§ Work to be completed: Print every record exactly as it appears. Leave the pictures out.

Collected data
####

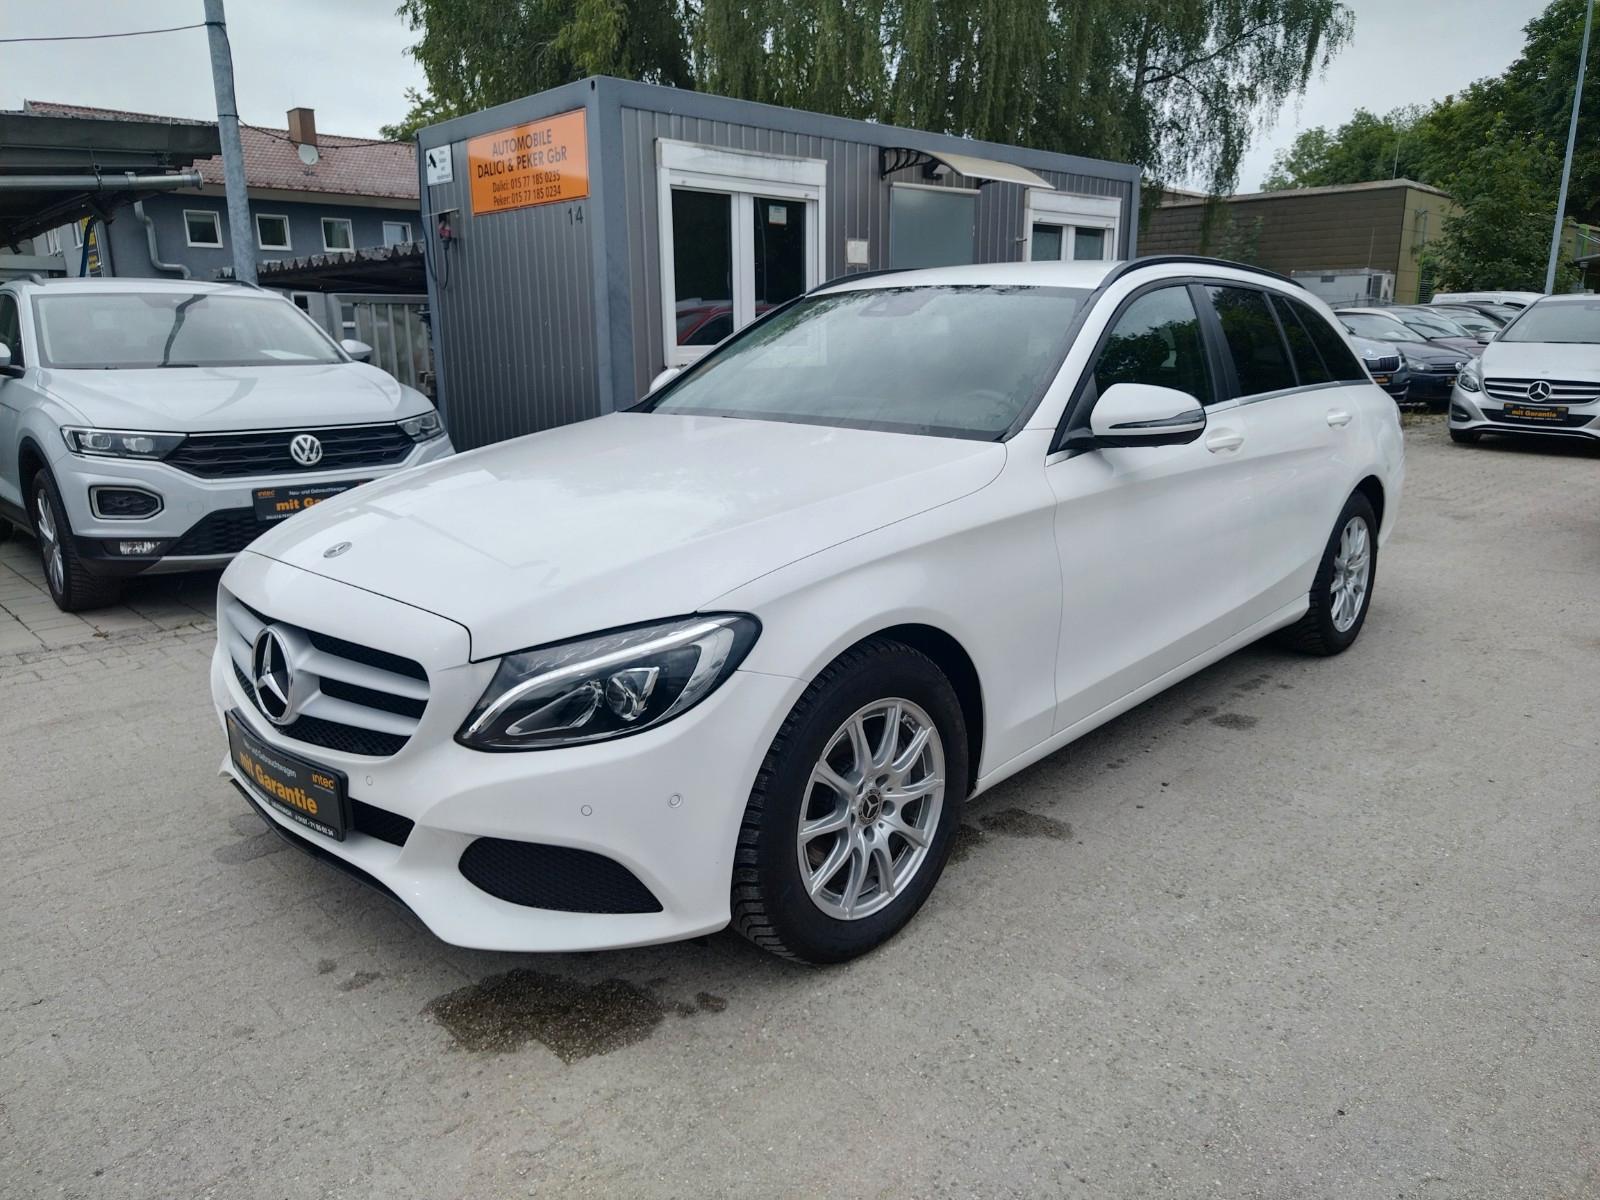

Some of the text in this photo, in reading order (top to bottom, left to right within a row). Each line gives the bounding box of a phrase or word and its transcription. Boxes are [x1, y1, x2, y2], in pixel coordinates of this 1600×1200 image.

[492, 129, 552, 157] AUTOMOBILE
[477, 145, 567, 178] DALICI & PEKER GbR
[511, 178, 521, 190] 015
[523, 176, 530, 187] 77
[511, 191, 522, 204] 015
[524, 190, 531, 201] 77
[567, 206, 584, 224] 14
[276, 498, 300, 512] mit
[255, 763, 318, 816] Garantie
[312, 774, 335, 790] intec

####

§ Solved problem:
Some of the text in this photo, in reading order (top to bottom, left to right within a row). Each line gives the bounding box of a phrase or word and its transcription. Boxes are [x1, y1, x2, y2], in pixel coordinates of this 1600×1200 image.

[492, 129, 552, 157] AUTOMOBILE
[477, 145, 567, 178] DALICI & PEKER GbR
[511, 178, 521, 190] 015
[523, 176, 530, 187] 77
[511, 191, 522, 204] 015
[524, 190, 531, 201] 77
[567, 206, 584, 224] 14
[276, 498, 300, 512] mit
[255, 763, 318, 816] Garantie
[312, 774, 335, 790] intec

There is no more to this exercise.